The Lord Has Not Sent You

Then the prophet Jeremiah said to Hananiah the prophet, “Hear now, Hananiah, the Lord has not sent you, but you make this people trust in a lie. Therefore thus says the Lord: ‘Behold, I will cast you from the face of the earth. This year you shall die, because you have taught rebellion against the Lord.’ ” (Jeremiah 28:15-16)

The Lord Has Not Sent You

Judah was the final remnant of the nation of Israel that remained, and the Babylonians were expanding their rule over the world, which would include the final destruction of Jerusalem and the Temple. Jeremiah is the prophet of the Lord sent to declare the final message of God’s wrath upon His rebellious people. He was not the only prophet. There were many false prophets who challenged the word of Jeremiah. Prophets like Isaiah and Micah had faded into history. Habakkuk and Zephaniah brought the word of the Lord to the people. Jeremiah would live in the final forty years of the nation as false prophets preached a message of false hope.

Jeconiah (Jehoiachin), the son of Jehoiakim, king of Judah, had been taken to Babylon along with the treasures of the temple and the royal palace. Nebuchadnezzar, king of Babylon, served the will of the Lord to punish God’s people for rejecting Him. The people of God would be in captivity for seventy years according to the word of the Lord. Faithful prophets would declare the message of doom to Jerusalem, but many false prophets gave the people hope as they trusted in alliances with Egypt and other nations to save them. One such prophet was Hananiah, a prophet of Gibeon. He told the people the vessels of the Lord’s house would return within two years, including Jeconiah and all the captives that had been taken. There was a false hope that Egypt, Edom, Ammon, Moab, Tyre, and Sidon would rise against the Babylonians and crush them. In dramatic fashion, Hananiah broke off the yoke on Jeremiah’s neck to show how God would break off the yoke of Nebuchadnezzar. All of this was a message of false hope.

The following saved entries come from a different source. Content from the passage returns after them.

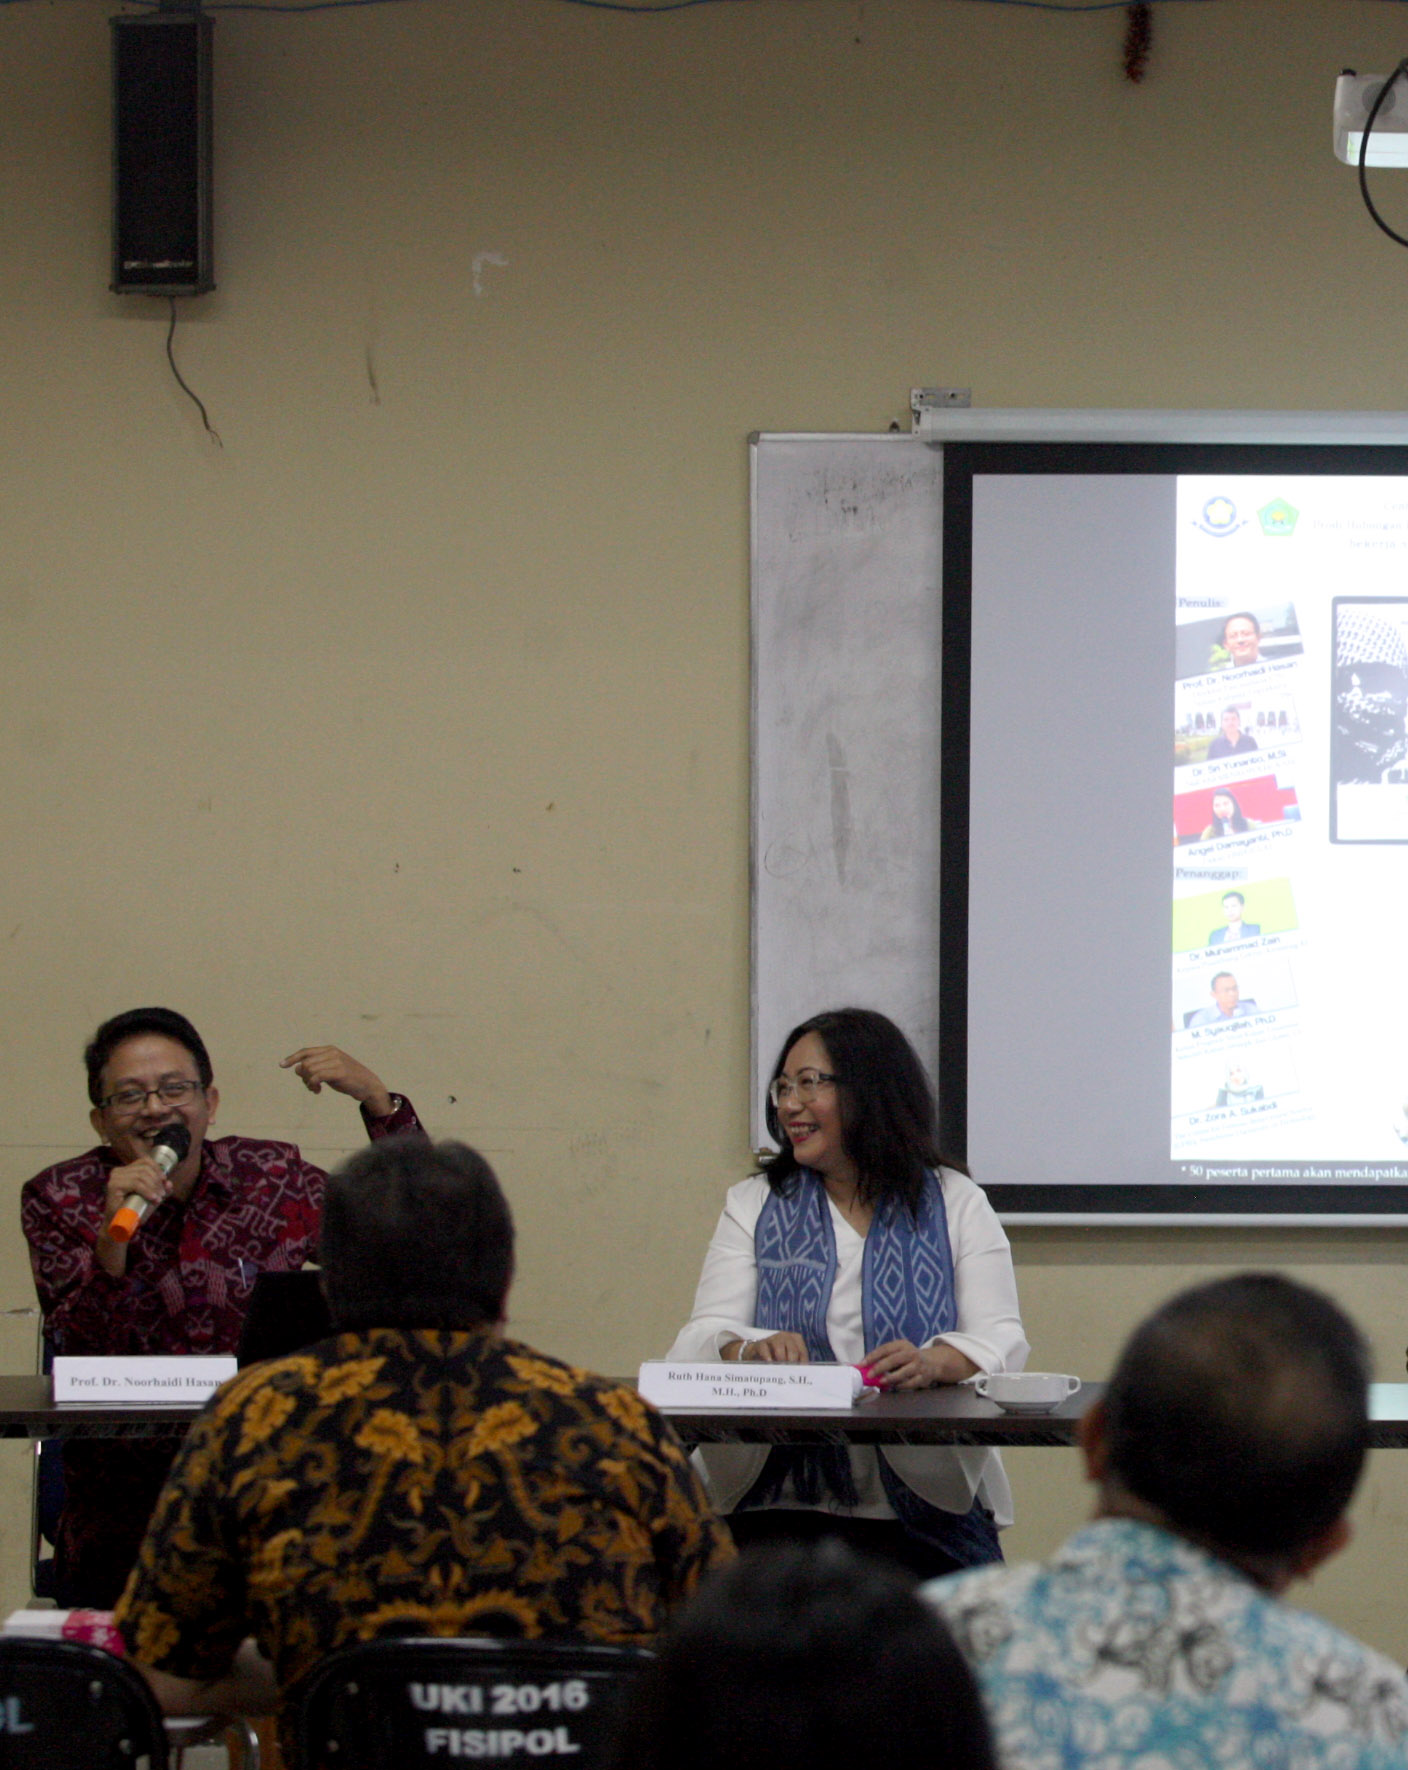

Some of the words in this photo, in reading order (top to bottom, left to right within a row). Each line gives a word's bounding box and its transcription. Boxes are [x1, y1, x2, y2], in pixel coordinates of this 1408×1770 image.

[1206, 1167, 1249, 1181] peserta
[1252, 1167, 1300, 1181] pertama
[1302, 1165, 1332, 1179] akan
[69, 1376, 99, 1387] Prof.
[102, 1376, 122, 1387] Dr.
[124, 1376, 183, 1387] Noorhaidi
[667, 1371, 693, 1381] Ruth
[695, 1372, 722, 1382] Hana
[724, 1373, 787, 1385] Simatupang,
[743, 1387, 768, 1398] Ph.D
[407, 1682, 484, 1715] UKI
[490, 1678, 591, 1715] 2016
[424, 1725, 582, 1759] FISIPOL

Jeremiah told Hananiah that iron yokes would replace the wooden yokes. Hananiah gave the people false hope, leading them to believe a lie. Hananiah died that same year. Egypt convinced Judah to revolt against Babylon, but the revolt was short-lived before the Babylonians crushed it and destroyed Jerusalem. Hananiah promised the people peace and safety, a message that was not the message of Jeremiah, the true prophet of God. Israel had been destroyed because the nation turned its back on the Lord God. Moses foretold the history of God’s people if they rebelled against the Lord. The word of God was clear that rebellion would not be tolerated. Israel was first divided and then destroyed, ending with the complete destruction of Jerusalem and Solomon’s Temple. Jeremiah would be proven true because his word came from the Lord.

Satan always attacks the word of God. From the day Satan deceived the woman with the words, “Has God indeed said?” until the final moments of earth’s existence, false teachers will claim to teach the word of God. Like the prophets of old, people are given false hope in a lie that will not save them. Millions believe the “sinners’ prayer” will save them. People mindlessly follow the powerful, the popular, and the exciting religious leaders. False religions espouse the teachings of men like Buddha, Mohammed, Joseph Smith, and the Pope. People flock to the doctrines of men that appeal to the intellectual, the fleshly, and the popular. Jesus taught there was only one way to the Father, and He was the only way, the only truth, and the only life.

False teachers abound in the world today. Like Hananiah, the Lord has not sent these religious leaders who make the people trust in a lie. Anyone who trusts in the words of this writer should be cautioned against accepting truth without the word of God. Everyone is responsible for being responsible in examining the teachings of all men. It demands careful understanding of what the Bible reveals. The spirit of examination should always be to speak where the Bible speaks, and to be silent when God does not speak. It’s that simple and yet that complex.